BEM DE FAMÍLIA É CONSIDERADO IMPENHORÁVEL EM LOCAÇÃO COMERCIAL, DECIDE STF.
- roseborgesadvogada
- 10 de mar. de 2021
- 2 min de leitura
Atualizado: 30 de ago. de 2023

Em dois julgamentos recentes, as duas turmas do STF negaram a possibilidade de penhora de bem de família de fiador que assumiu a responsabilidade de garantir uma locação comercial nas situações de falta de pagamento.
O entendimento difere do estabelecido pelo art. 3º da lei 8.099/90, que prevê o confisco da propriedade oferecida em garantia de contrato de locação imobiliária quando há inadimplência, independentemente de o imóvel ser de uso residencial ou comercial. É essa lei que, há pelo menos 30 anos, dá segurança jurídica para o mercado.
Amparados pela legislação, os proprietários aceitam um único imóvel como fiança em um contrato de aluguel comercial.
Na prática, a interpretação, de alguns ministros do STF, dissonante da lei 8.099/90 tende a criar um ambiente de incertezas.

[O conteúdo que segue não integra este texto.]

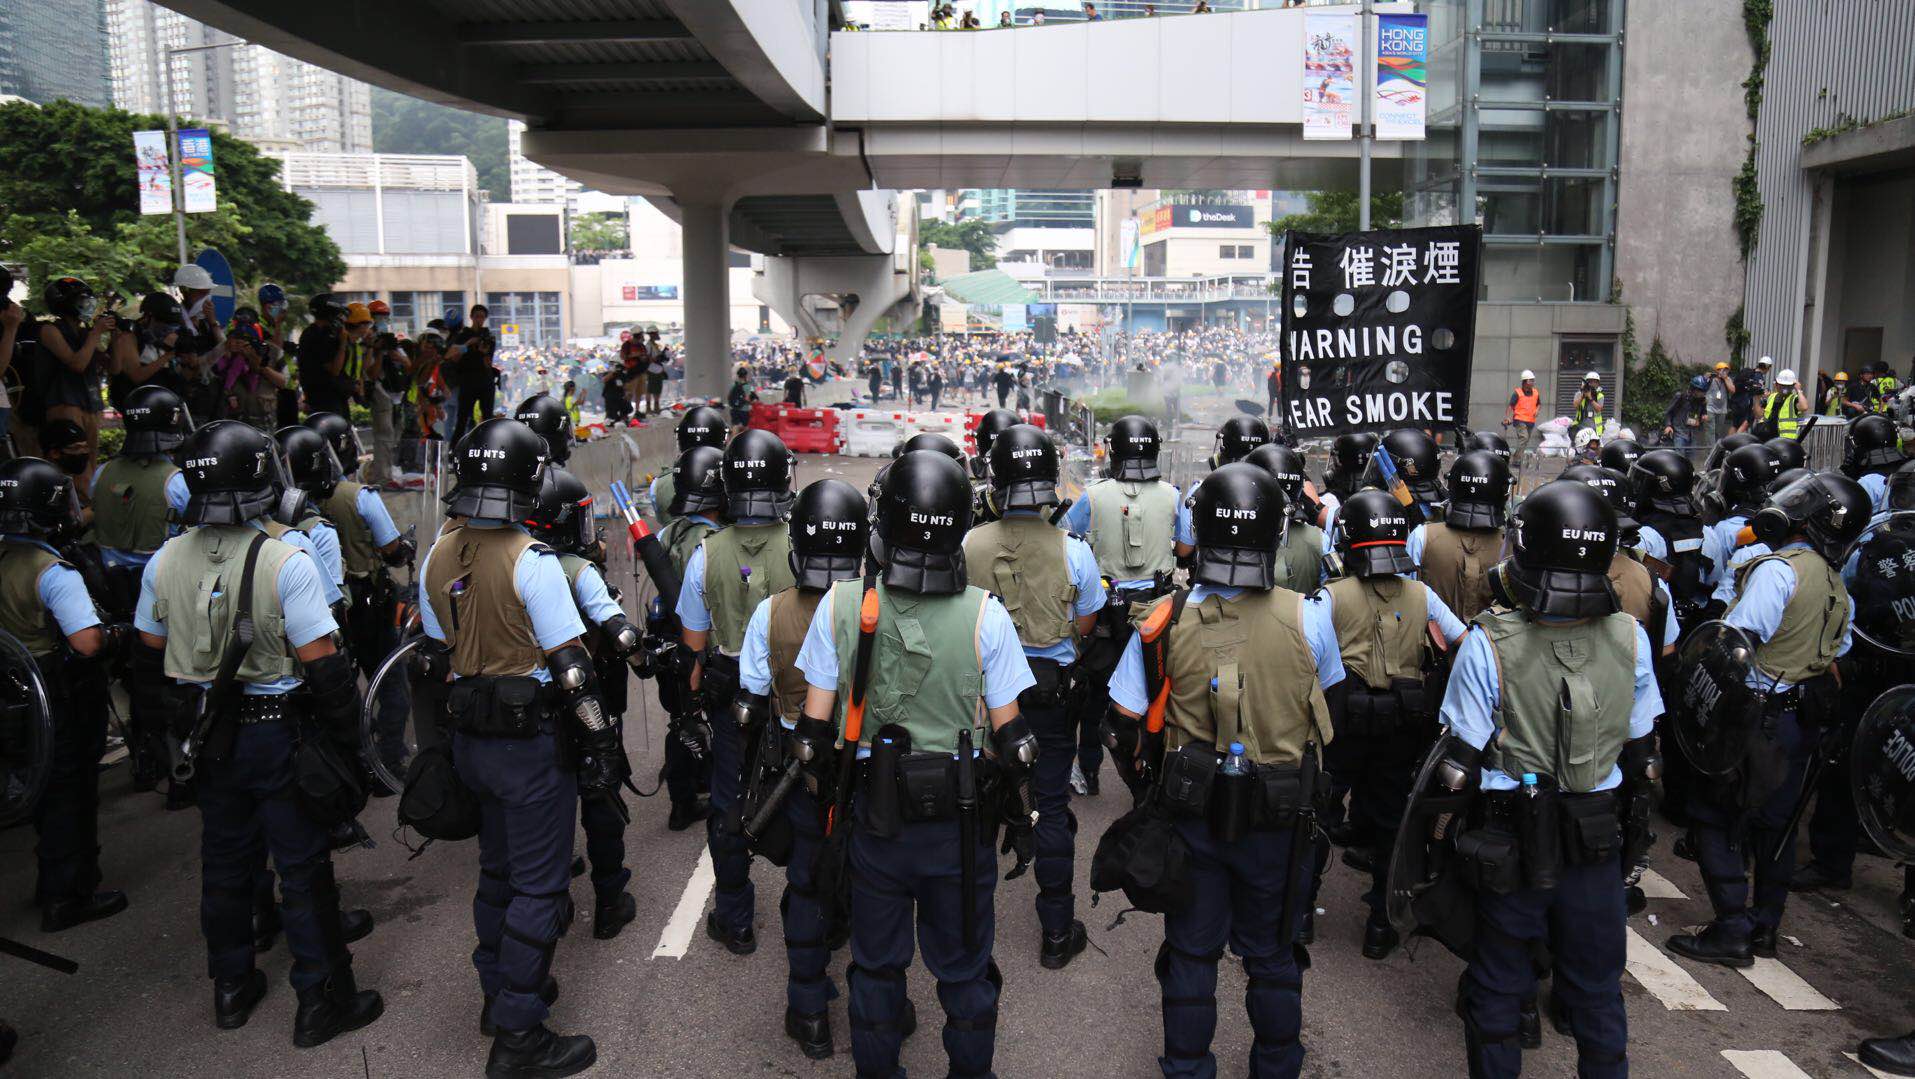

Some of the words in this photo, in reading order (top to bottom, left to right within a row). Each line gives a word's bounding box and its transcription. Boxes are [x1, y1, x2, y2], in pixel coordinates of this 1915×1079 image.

[1381, 28, 1425, 41] HONG
[1381, 40, 1424, 52] KONG
[1203, 212, 1236, 222] theDesk
[1291, 246, 1313, 290] 告
[1340, 241, 1461, 289] 催淚煙
[1288, 396, 1335, 429] EAR
[1346, 391, 1453, 425] SMOKE
[468, 449, 481, 458] EU
[483, 449, 506, 460] NTS
[1012, 450, 1025, 459] EU
[1025, 448, 1043, 458] NTS
[185, 459, 196, 469] EU
[197, 457, 218, 467] NTS
[481, 462, 488, 472] 3
[733, 460, 745, 469] EU
[747, 459, 766, 468] NTS
[1025, 460, 1032, 469] 3
[198, 470, 205, 479] 3
[746, 471, 753, 479] 3
[1277, 472, 1288, 480] EU
[1288, 473, 1301, 481] NTS
[1460, 475, 1471, 483] EU
[1472, 476, 1488, 484] NTS
[1286, 483, 1292, 491] 3
[1587, 479, 1600, 487] EU
[1601, 478, 1617, 487] NTS
[1470, 486, 1476, 494] 3
[1602, 489, 1609, 497] 3
[1215, 507, 1231, 518] EU
[1233, 509, 1257, 520] NTS
[910, 512, 927, 524] EU
[930, 515, 954, 526] NTS
[1379, 517, 1392, 525] EU
[1392, 517, 1406, 525] NTS
[822, 520, 837, 530] EU
[838, 521, 857, 531] NTS
[1231, 525, 1239, 535] 3
[836, 535, 843, 544] 3
[923, 531, 931, 540] 3
[1562, 528, 1581, 540] EU
[1583, 530, 1606, 542] NTS
[1578, 546, 1587, 557] 3

É provável que, sem poder penhorar o imóvel único dado em garantia nas situações de inadimplência, os donos de imóveis comerciais passem a exigir um segundo bem como fiança.
Essa nova dinâmica atinge em cheio as Pequenas e Médias Empresas — que, sem condições de atender à exigência adicional, provavelmente terão que optar por alternativas mais caras, como o seguro fiança. Os proprietários, por sua vez, sem querer correr o risco da inadimplência sem cobertura, podem se ver diante da ameaça de vacância — agora e depois que a economia se recuperar superada a pandemia.
Estima-se que cerca de 60% dos contratos de locação comercial no País envolvem a fiança de apenas um imóvel, de propriedade de pessoas físicas. A prática está consolidada no mercado imobiliário, que amplamente aceita esse tipo de garantia.
Fato é que a interpretação da primeira e segunda turmas do STF abala o equilíbrio do mercado, tanto do ponto de vista das Pequenas e Médias Empresas, quanto da perspectiva dos locadores, ambos ainda sujeitos às consequências nefastas da pandemia de covid-19 sobre a economia.
Um lado não poderá arcar com os custos da locação e o outro pode sofrer com espaços vazios por falta de inquilinos elegíveis. Pode se consolidar, então, um indesejável efeito dominó sobre os mais variados setores da economia, já que as Pequenas e Médias Empresas estão presentes em uma enorme cadeia de negócios, e em todo o território nacional.
Será preciso que o colegiado reverta esse entendimento, para evitar esse cenário, buscando soluções que, ao contrário, mantenham as empresas ativas, empregando e gerando riquezas.
*Dra. Roselene de Souza Borges – Advogada, Sócia-fundadora do Escritório Rose Borges Advogados. Especialista em Direito Imobiliário, Direito Condominial e Consultora em adequação de Empresas à Lei Geral de Proteção de Dados (LGPD).